Теперь Алекс, наконец, сообщил причину резкого поворота.
Попросил Алекса поменять маршрут его старый приятель майор Мухин, следователь. Жила в его вещдоках некая снайперская винтовка – опытная, со стажем, с хорошей оптикой, но приговоренная комиссией к списанию. Чудесно пахла ружейным маслом, благородной гарью, в специальном чехольчике лежал кусочек замши, всё как у людей. Готовясь к списанию, неделю назад, объяснил Алекс, майор Мухин, косоротый, кривой, веселый, пригласил близких друзей на старый танковый полигон – отдать винтовке последние почести. Пили самогон домашнего изготовления («гребёнку»), стреляли по пластиковым бутылкам с водой, развешанным в листве огромного тополя. Развешивал бутылки юркий лейтенантик с двойной фамилией – то ли Смирнов, то ли Суконин, а может, всё вместе. Прыгал по веткам, как белка, разносил слухи, травил старые анекдоты, давал добрые советы, – странно, что Алекс промахнулся, а майор вообще не попал в парня. Понятно, бывший полигон выглядел сиротливо. Когда-то по нему гоняли танки, теперь мощные колеи заросли травой, в них стояла мутная, желтоватая от цветочной пыльцы вода. «Вольво» Алекса и «калдина» майора стояли метрах в двадцати от мангала, сквозь непрекращающуюся морось несло дымком; прохожих на полигоне в принципе не предполагалось. Тем не менее на другой день тугой на голову майор не обнаружил винтовки, запертой в багажнике.

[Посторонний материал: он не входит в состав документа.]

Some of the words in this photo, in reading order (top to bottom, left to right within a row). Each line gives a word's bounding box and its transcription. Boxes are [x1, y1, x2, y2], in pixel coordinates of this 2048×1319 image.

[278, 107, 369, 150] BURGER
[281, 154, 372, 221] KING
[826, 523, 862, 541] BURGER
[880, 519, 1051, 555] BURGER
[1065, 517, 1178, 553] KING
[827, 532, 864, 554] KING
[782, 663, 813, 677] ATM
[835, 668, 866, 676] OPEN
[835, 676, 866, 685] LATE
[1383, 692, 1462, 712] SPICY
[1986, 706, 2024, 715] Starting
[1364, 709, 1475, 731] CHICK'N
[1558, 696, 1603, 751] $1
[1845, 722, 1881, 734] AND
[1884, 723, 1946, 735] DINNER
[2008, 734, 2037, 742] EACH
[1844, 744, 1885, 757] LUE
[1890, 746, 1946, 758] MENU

Вот жила себе в вещдоках и вдруг ушла в другое место.
– Она же списанная!
– Но висит пока на майоре.
– Он что, взял ее без разрешения?
– Улавливаешь мысль, – одобрил мою прозорливость Алекс. – И не дай бог, она теперь где-нибудь выстрелит.
– А ушла с чьей помощью?
– Вот это майор и выясняет. Пять часов на полигоне, двадцать минут – во дворе Управления, потом еще два часа возле мухинского дома… При этом в машине неотлучно находился водила, багажник на замке, а надо же – исчезла!.. Водила стопроцентно не при чем, а Смирнов-Суконин и булку не украдет…

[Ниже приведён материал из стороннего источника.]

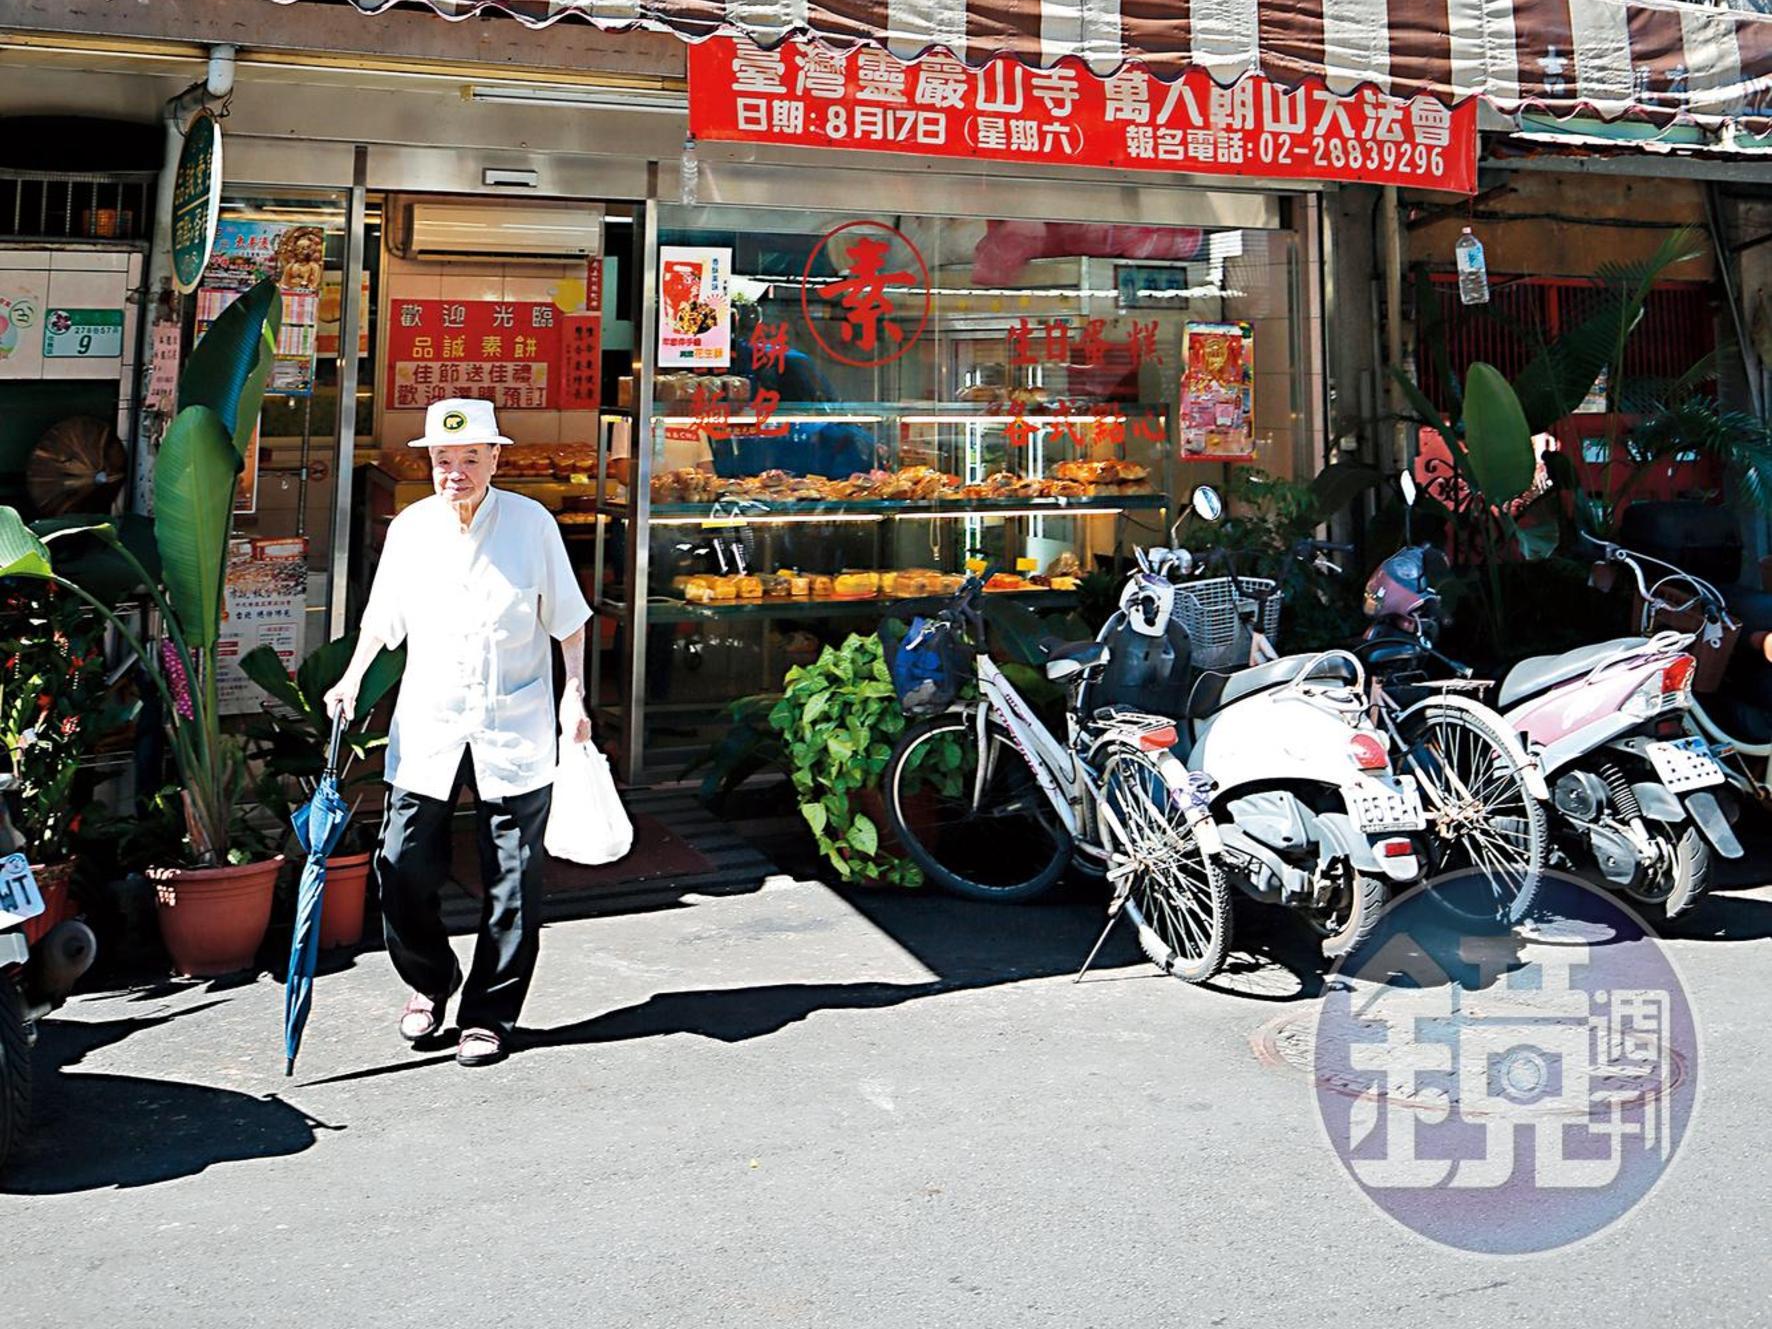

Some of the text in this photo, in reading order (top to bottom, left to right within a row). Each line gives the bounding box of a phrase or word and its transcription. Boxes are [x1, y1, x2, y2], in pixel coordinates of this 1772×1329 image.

[819, 237, 917, 352] 素
[401, 304, 553, 328] 歡迎光臨
[77, 334, 92, 354] 9
[412, 335, 537, 359] 品誠素餅
[412, 362, 533, 385] 佳節送佳禮

Алекс пустил одну из своих замечательных многообещающих улыбок и предупредил следующий вопрос. Нет, нет, ему самому такое мощное оружие ни к чему. Он бы и за деньги не взял снайперскую винтовку. А майор начальству пока не сообщил, ждет, когда включится на винтовке им же до того временно выключенный радиомаячок.
– Догадываюсь. Маячок включился!
– Точно! – кивнул Алекс. – И винтовка эта движется сейчас в сторону Алтая.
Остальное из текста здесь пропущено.